Metric	What it Measures	Good Value	Formula
R² Score	Variance explained	Close to 1.0	1 - (SS_res / SS_tot)
MSE	Average squared error	Close to 0	mean((y - y_pred)²)
RMSE	Error in original units	Close to 0	sqrt(MSE)
MAE	Average absolute error	Close to 0	mean(

Classification Metrics

Metric	What it Measures	Good Value	When to Use
Accuracy	Correct predictions / total	Close to 1.0	Balanced classes
Precision	True positives / predicted positives	Close to 1.0	Cost of false positive is high
Recall	True positives / actual positives	Close to 1.0	Cost of false negative is high
F1 Score	Harmonic mean of precision and recall	Close to 1.0	Imbalanced classes
AUC-ROC	Ranking quality	Close to 1.0	Binary classification
Log Loss	Confidence of predictions	Close to 0	Probabilistic output needed

When to Use Each Metric

# Balanced dataset — accuracy is fine
print(f"Accuracy: {accuracy_score(y_test, y_pred):.2%}")

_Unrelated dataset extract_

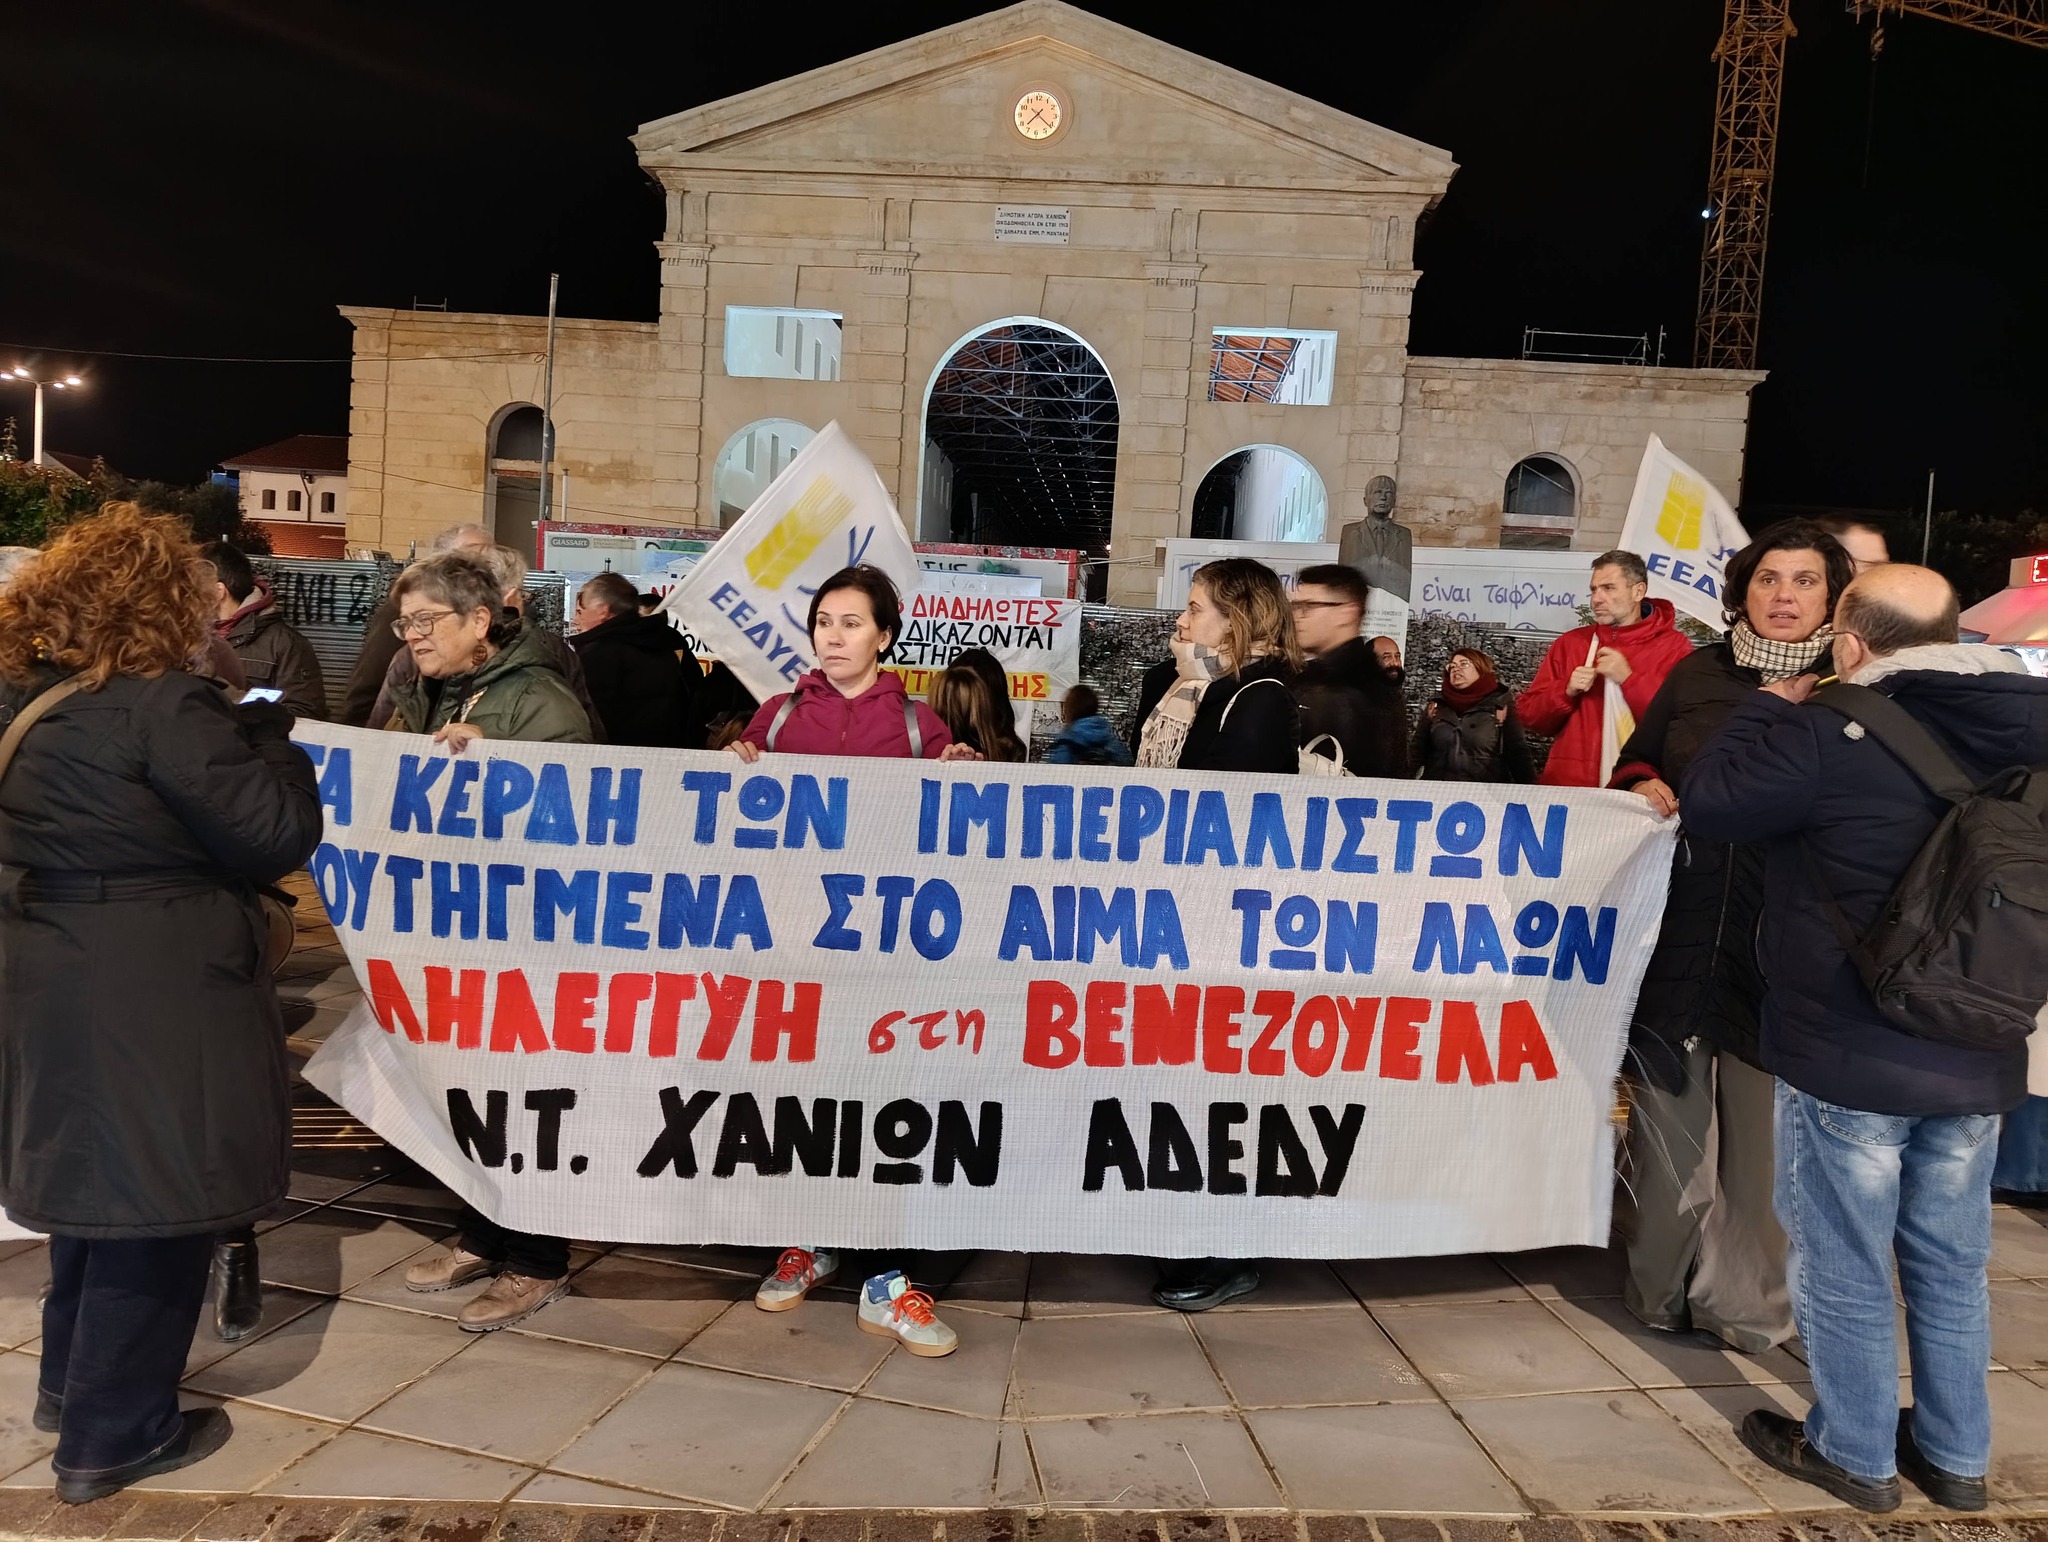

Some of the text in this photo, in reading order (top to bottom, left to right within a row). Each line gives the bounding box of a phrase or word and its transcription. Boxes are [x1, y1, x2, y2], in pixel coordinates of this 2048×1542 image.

# Imbalanced dataset — use F1 or AUC
from sklearn.metrics import f1_score, roc_auc_score
print(f"F1 Score: {f1_score(y_test, y_pred, average='weighted'):.2%}")
print(f"AUC: {roc_auc_score(y_test, model.predict_proba(X_test)[:, 1]):.2%}")

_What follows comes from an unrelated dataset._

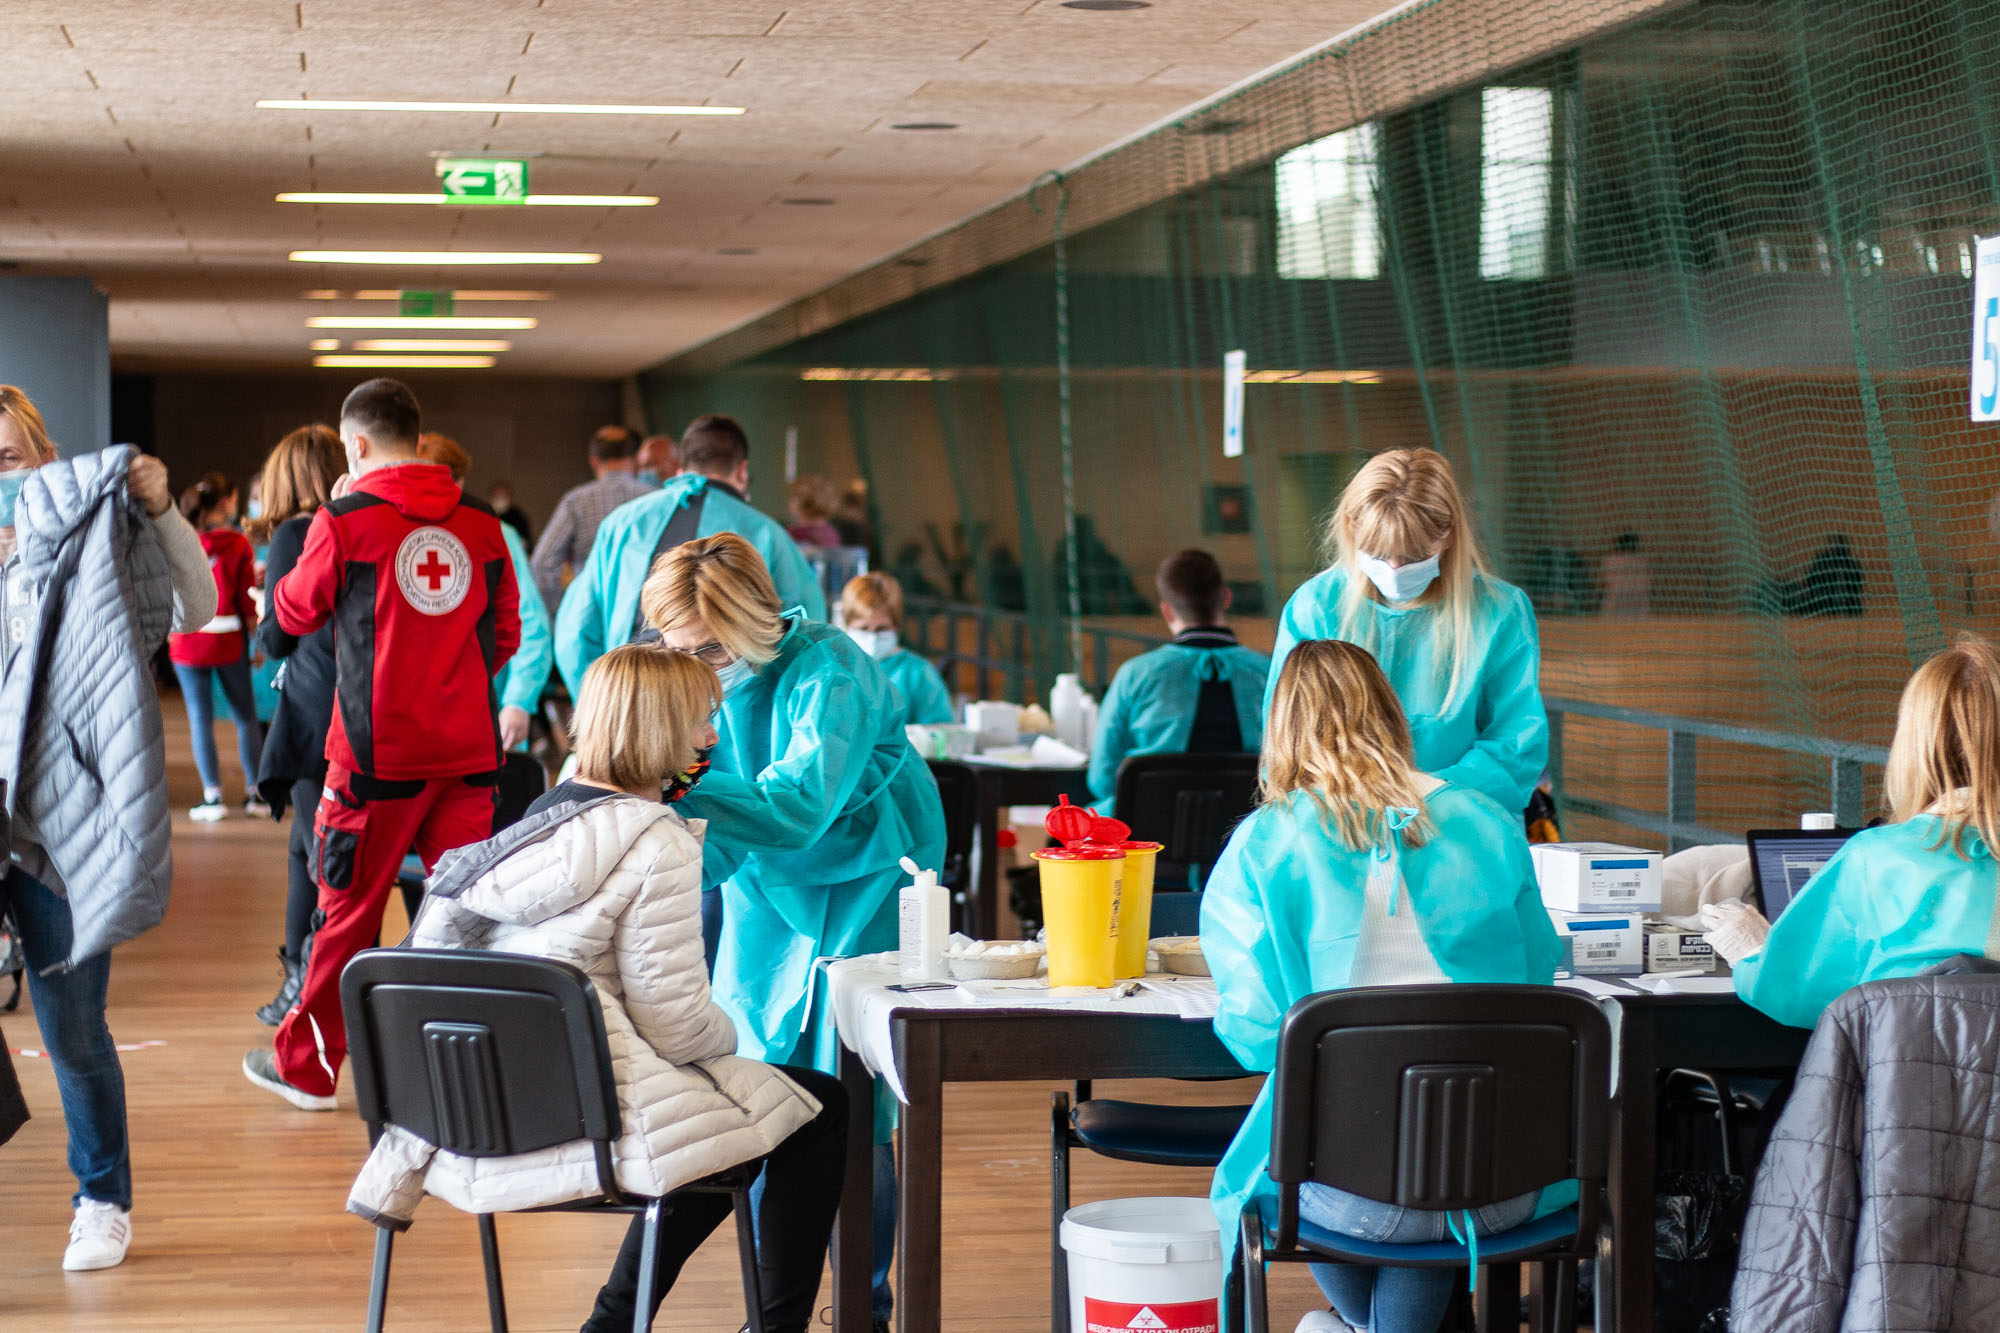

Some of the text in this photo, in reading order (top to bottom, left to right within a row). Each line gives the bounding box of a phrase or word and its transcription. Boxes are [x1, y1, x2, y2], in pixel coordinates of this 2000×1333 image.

# When false negatives are costly (e.g., disease detection)
# Maximize recall
print(f"Recall: {recall_score(y_test, y_pred):.2%}")

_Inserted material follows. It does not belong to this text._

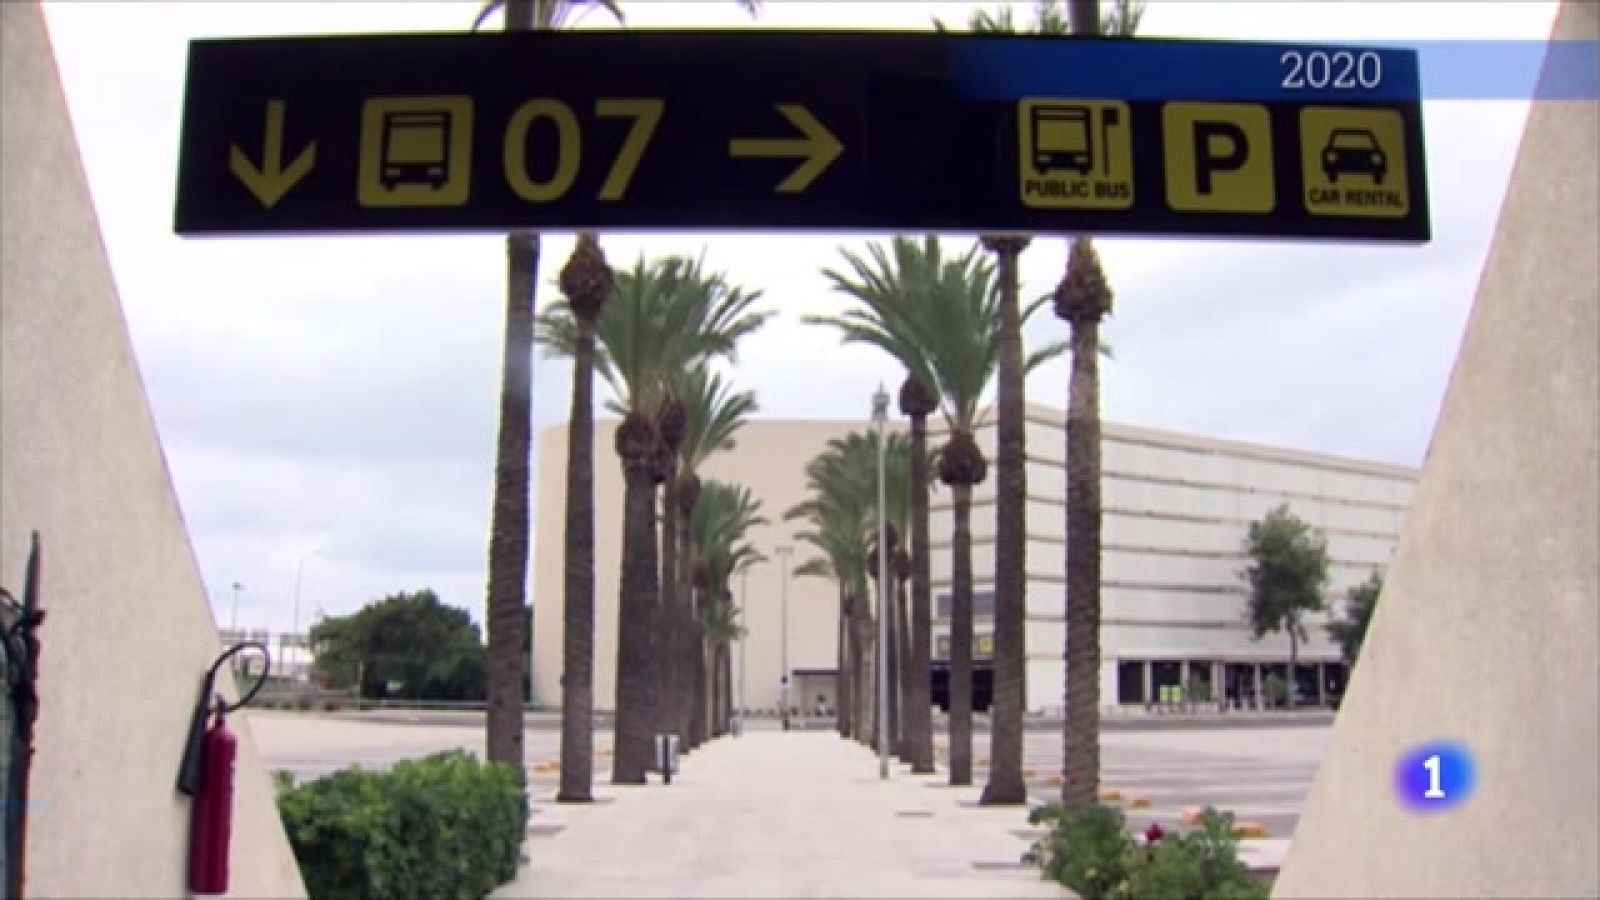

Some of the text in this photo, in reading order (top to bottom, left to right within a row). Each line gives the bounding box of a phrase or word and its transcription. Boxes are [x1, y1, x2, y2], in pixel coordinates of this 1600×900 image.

[504, 98, 665, 202] 07
[1193, 119, 1249, 196] P
[1024, 180, 1130, 199] PUBLIC BUS
[1309, 189, 1403, 208] CAR RENTAL

# When false positives are costly (e.g., spam filtering)
# Maximize precision
print(f"Precision: {precision_score(y_test, y_pred):.2%}")

Common ML Algorithms

Algorithm	Type	Best For	Complexity
Linear Regression	Regression	Simple relationships	Low
Logistic Regression	Classification	Binary outcomes	Low
Decision Trees	Both	Interpretable models	Medium
Random Forest	Both	General purpose	Medium
SVM	Both	High-dimensional data	High
K-Nearest Neighbors	Both	Small datasets	Low
K-Means	Clustering	Grouping data	Medium
Gradient Boosting	Both	Best accuracy	High

Avoiding Common Pitfalls

1. Data Leakage

# BAD: Using test data for training decisions
scaler.fit(X)  # Fits on ALL data including test
X_train, X_test = train_test_split(X)

# GOOD: Split first, then fit
X_train, X_test = train_test_split(X)
scaler.fit(X_train)  # Only fits on training data
X_test_scaled = scaler.transform(X_test)

2. Overfitting vs Underfitting

from sklearn.model_selection import cross_val_score

# Check for overfitting
train_accuracy = clf.score(X_train_scaled, y_train)
cv_scores = cross_val_score(clf, X_train_scaled, y_train, cv=5)

print(f"Training Accuracy: {train_accuracy:.2%}")
print(f"CV Accuracy: {cv_scores.mean():.2%}")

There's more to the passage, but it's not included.